What is Control Flow Guard?

Control Flow Guard (Guard CF, CFG) is a relatively new Windows protection mechanism (exploit mitigation), aimed at complicating the exploitation of binary vulnerabilities in user applications and kernel-mode applications. The work of this mechanism is to validate implicit calls (indirect calls) that prevent an attacker from intercepting the flow of execution (for example, by rewriting the virtual function table). Combined with previous security mechanisms ( SafeSEH , ASLR , DEP , etc.) is an additional headache for the creators of exploits.
This security feature is available to users of Microsoft Windows 8.1 (Update 3, KB3000850) and Windows 10.
Compiling programs with CFG support is available in Microsoft Visual Studio 2015 ( how to enable? ).

A similar implementation of the protection mechanism based on the Control Flow Integrity concept for Linux operating systems is available in the PaX extension.

How does Control Flow Guard work?

Let's look at how CFG works in user mode.
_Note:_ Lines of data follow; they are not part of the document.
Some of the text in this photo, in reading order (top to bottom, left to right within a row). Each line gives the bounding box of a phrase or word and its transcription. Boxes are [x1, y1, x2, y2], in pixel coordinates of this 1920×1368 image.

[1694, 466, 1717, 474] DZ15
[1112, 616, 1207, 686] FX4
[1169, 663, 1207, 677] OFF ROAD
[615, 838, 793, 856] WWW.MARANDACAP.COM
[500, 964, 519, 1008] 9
This mechanism has two main components: the address bitmap (managed by the kernel) and the procedure for checking the pointer of the function being called (used by user applications).
All CFG service information is recorded in the IMAGE_LOAD_CONFIG_DIRECTORY executable file at compile time:

GuardCFCheckFunctionPointer - pointer to the verification procedure
GuardCFFunctionTable - a table of valid addresses of functions (used by the kernel to initialize the bitmap)
GuardCFFunctionCount - the number of functions in the table
GuardFlags - flags

The IMAGE_NT_HEADERS.OptionalHeader.DllCharacteristics header IMAGE_DLLCHARACTERISTICS_GUARD_CF flag, indicating that this executable file supports the CFG mechanism.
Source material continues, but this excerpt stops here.